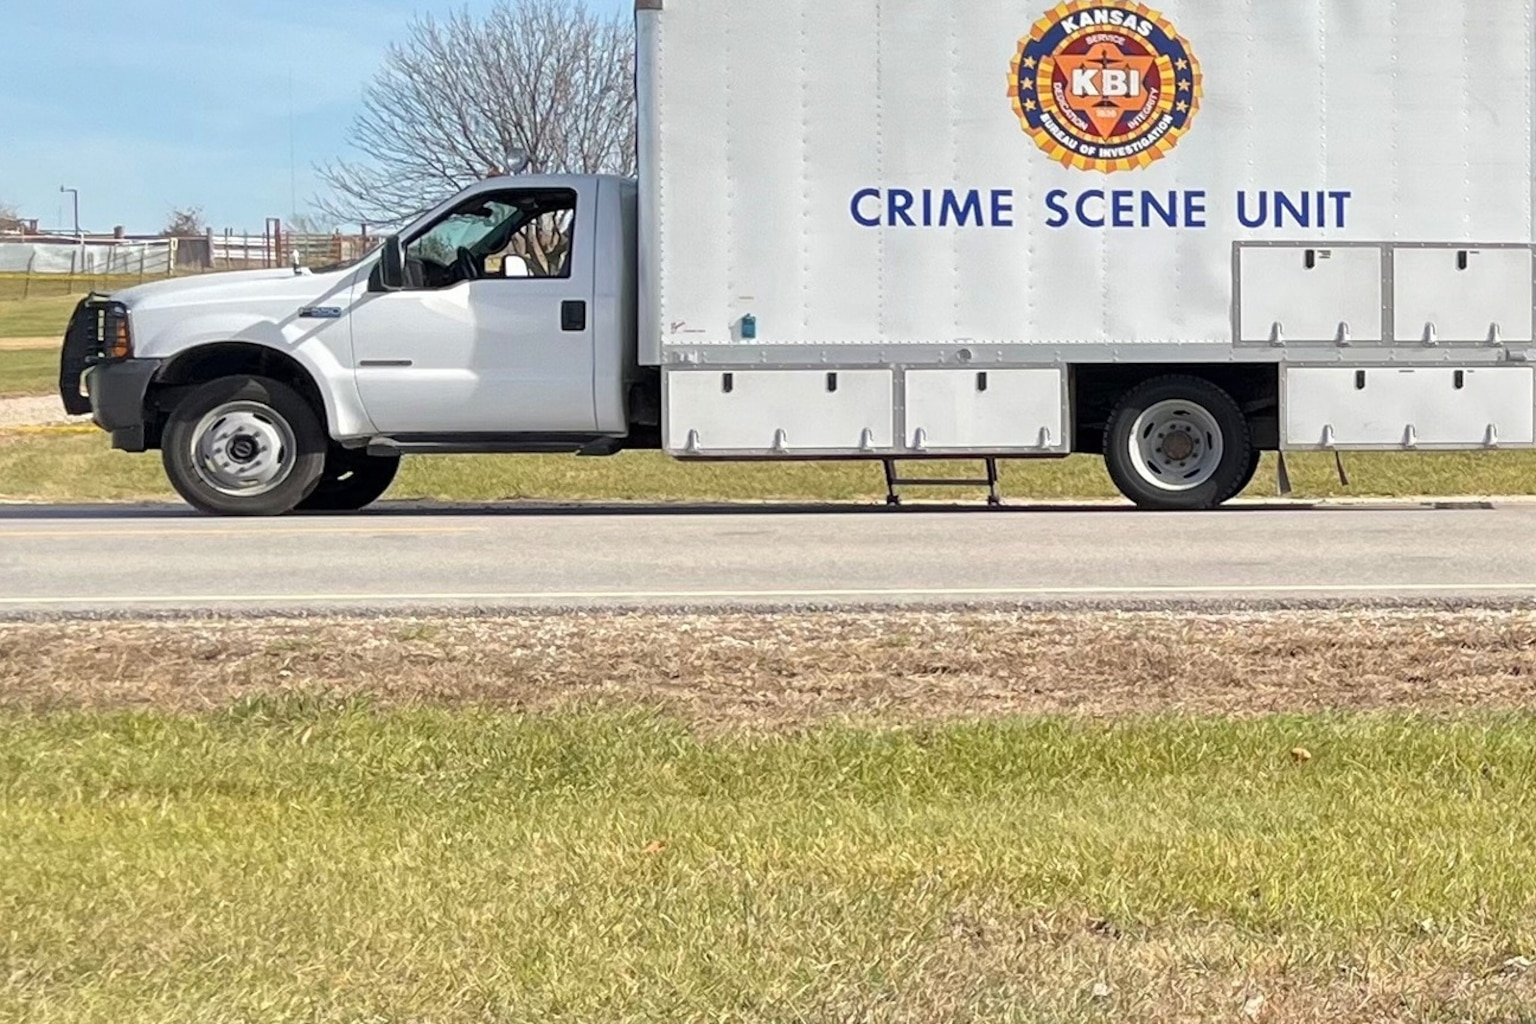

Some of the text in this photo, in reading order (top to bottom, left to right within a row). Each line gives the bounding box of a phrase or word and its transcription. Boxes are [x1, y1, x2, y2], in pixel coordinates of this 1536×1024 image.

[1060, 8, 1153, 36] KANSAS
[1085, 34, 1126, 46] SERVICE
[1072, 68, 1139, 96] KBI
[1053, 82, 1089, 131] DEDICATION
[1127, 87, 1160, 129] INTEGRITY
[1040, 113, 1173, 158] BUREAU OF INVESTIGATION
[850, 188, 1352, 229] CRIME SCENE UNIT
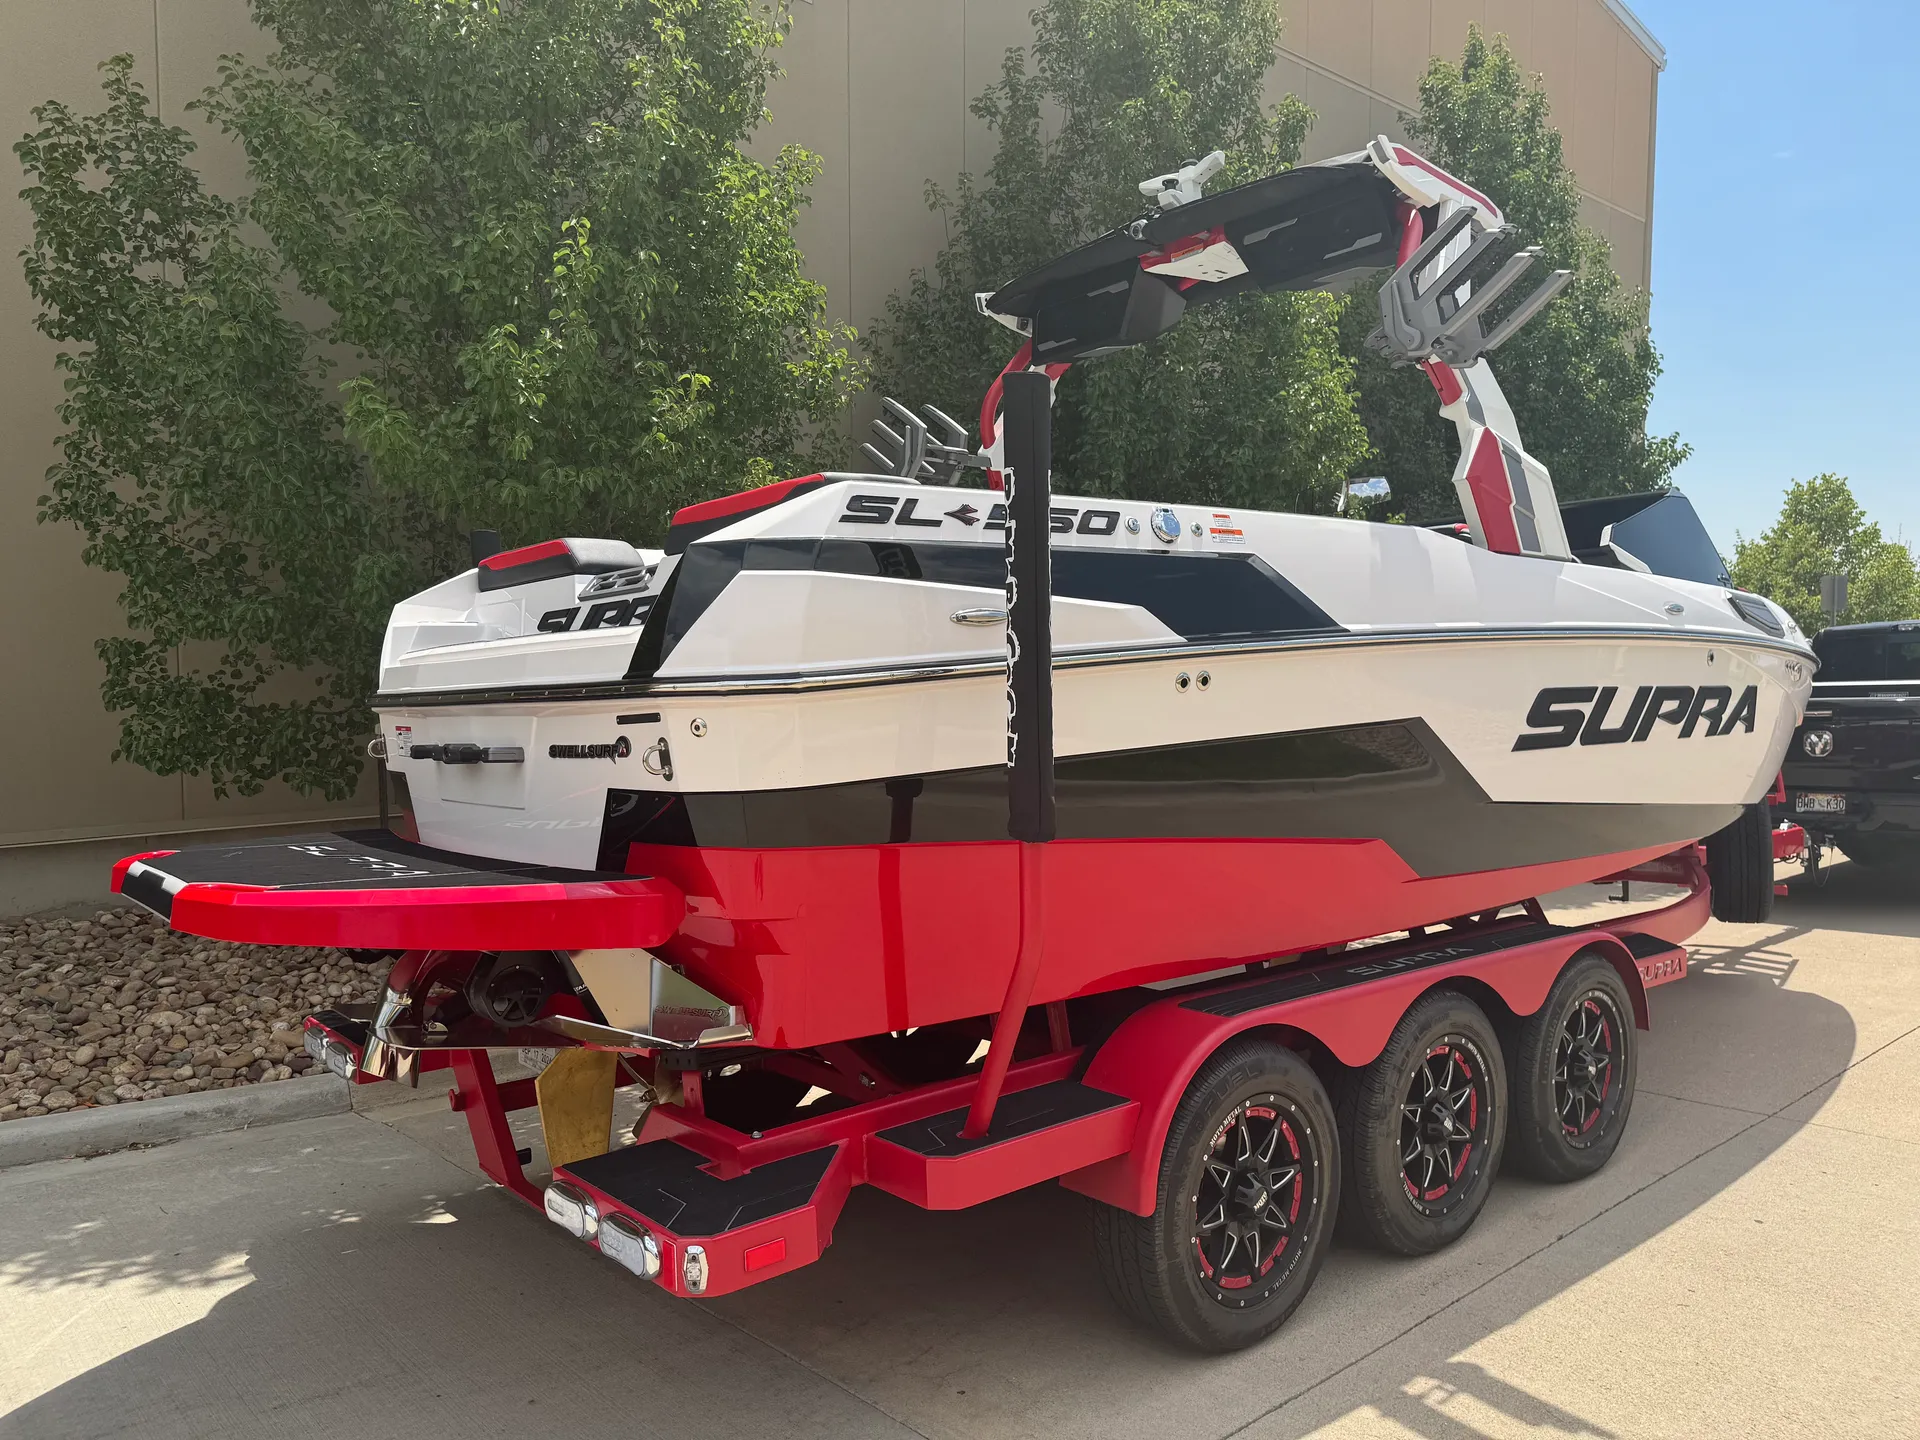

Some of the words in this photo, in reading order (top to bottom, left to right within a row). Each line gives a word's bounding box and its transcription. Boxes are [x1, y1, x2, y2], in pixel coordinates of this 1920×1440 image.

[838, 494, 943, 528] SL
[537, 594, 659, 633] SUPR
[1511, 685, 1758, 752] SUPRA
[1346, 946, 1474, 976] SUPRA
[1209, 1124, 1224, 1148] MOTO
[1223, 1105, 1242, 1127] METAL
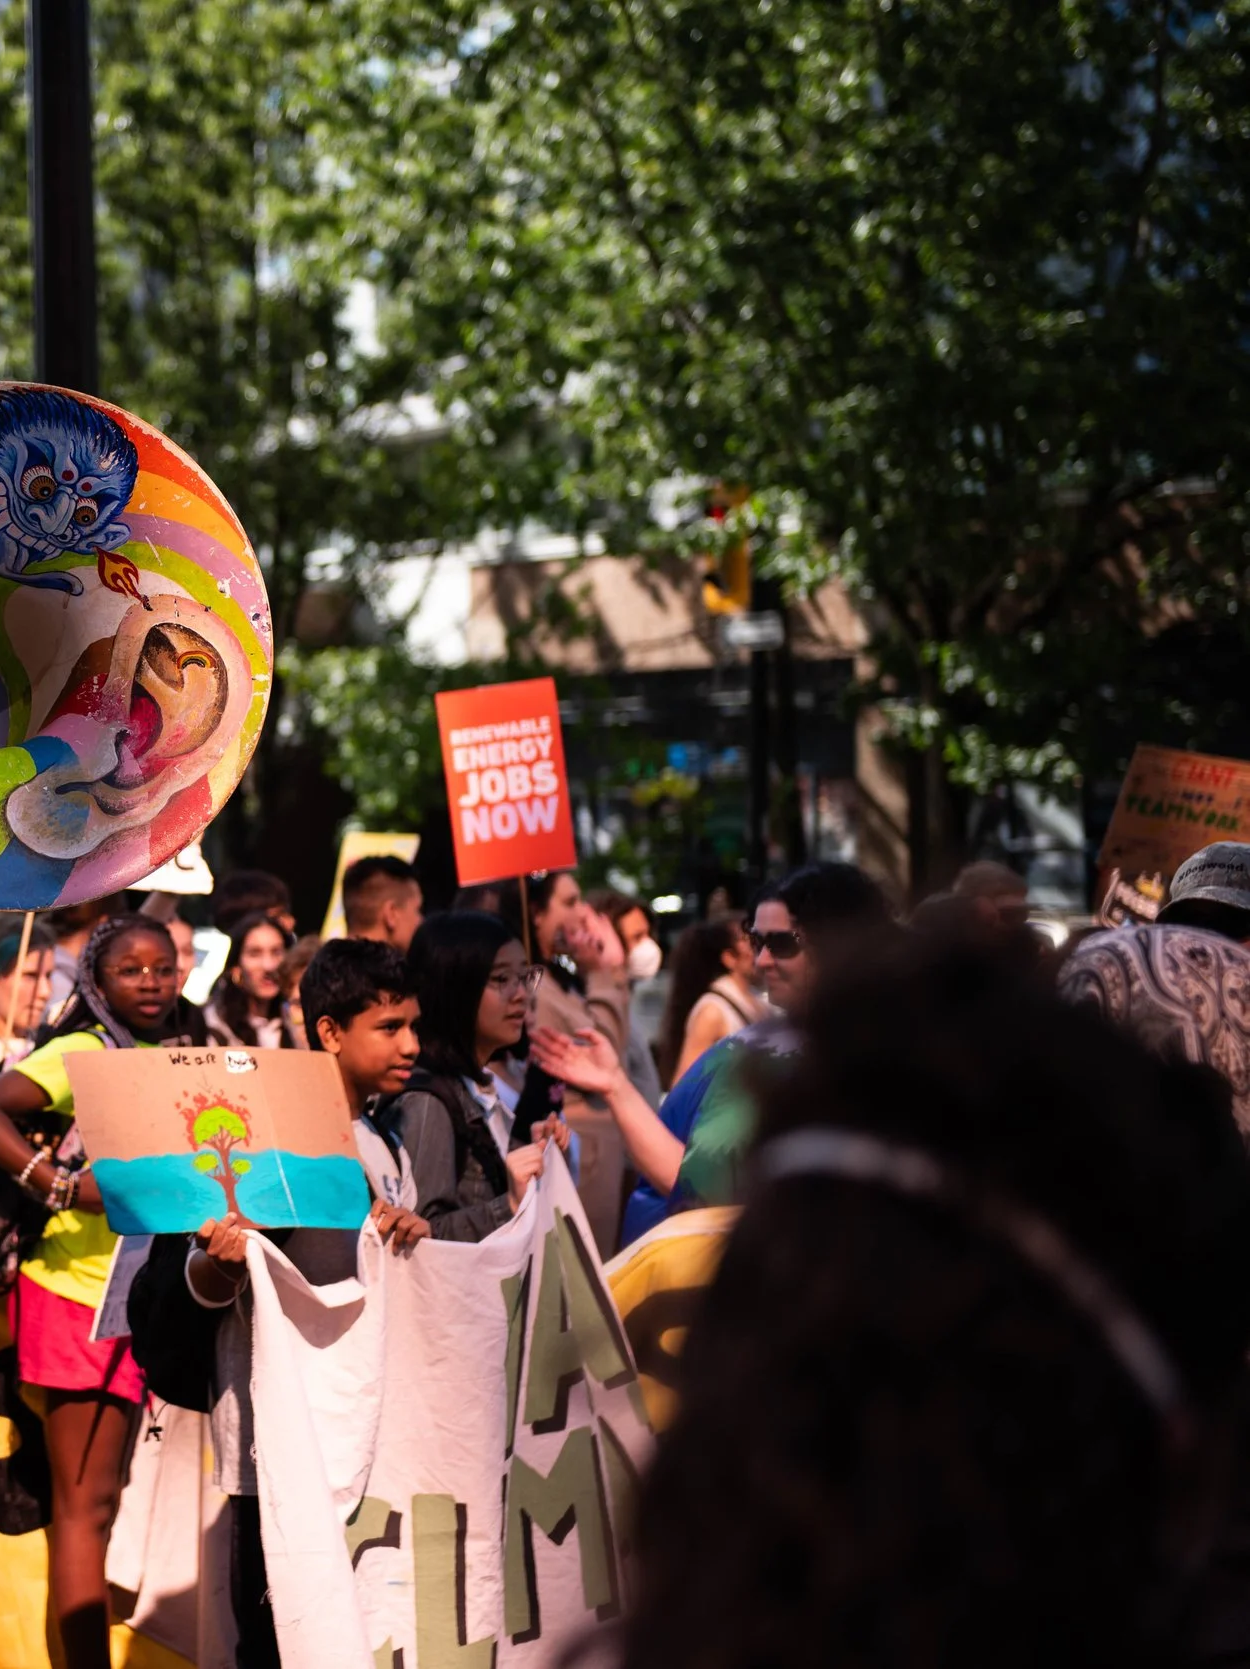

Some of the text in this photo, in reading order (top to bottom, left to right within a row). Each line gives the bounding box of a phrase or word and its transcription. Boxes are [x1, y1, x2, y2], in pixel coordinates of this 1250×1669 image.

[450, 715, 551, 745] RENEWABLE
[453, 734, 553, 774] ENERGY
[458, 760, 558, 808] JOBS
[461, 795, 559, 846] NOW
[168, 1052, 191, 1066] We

════

§ **Task item**
Above are the records; repeat them all exactly, without the pictures.

§ **Answer area**
Some of the text in this photo, in reading order (top to bottom, left to right within a row). Each line gives the bounding box of a phrase or word and its transcription. Boxes are [x1, y1, x2, y2], in pixel coordinates of this 1536×1024 image.

[1060, 8, 1153, 36] KANSAS
[1085, 34, 1126, 46] SERVICE
[1072, 68, 1139, 96] KBI
[1053, 82, 1089, 131] DEDICATION
[1127, 87, 1160, 129] INTEGRITY
[1040, 113, 1173, 158] BUREAU OF INVESTIGATION
[850, 188, 1352, 229] CRIME SCENE UNIT

Some of the words in this photo, in reading order (top to bottom, left to right within a row). Each line gives a word's bounding box and its transcription. Boxes are [x1, y1, x2, y2], in pixel coordinates of this 1920×1440 image.

[838, 494, 943, 528] SL
[537, 594, 659, 633] SUPR
[1511, 685, 1758, 752] SUPRA
[1346, 946, 1474, 976] SUPRA
[1209, 1124, 1224, 1148] MOTO
[1223, 1105, 1242, 1127] METAL

Some of the text in this photo, in reading order (top to bottom, left to right within a row). Each line gives the bounding box of a phrase or word and its transcription. Boxes are [x1, y1, x2, y2], in pixel coordinates of this 1250×1669 image.

[450, 715, 551, 745] RENEWABLE
[453, 734, 553, 774] ENERGY
[458, 760, 558, 808] JOBS
[461, 795, 559, 846] NOW
[168, 1052, 191, 1066] We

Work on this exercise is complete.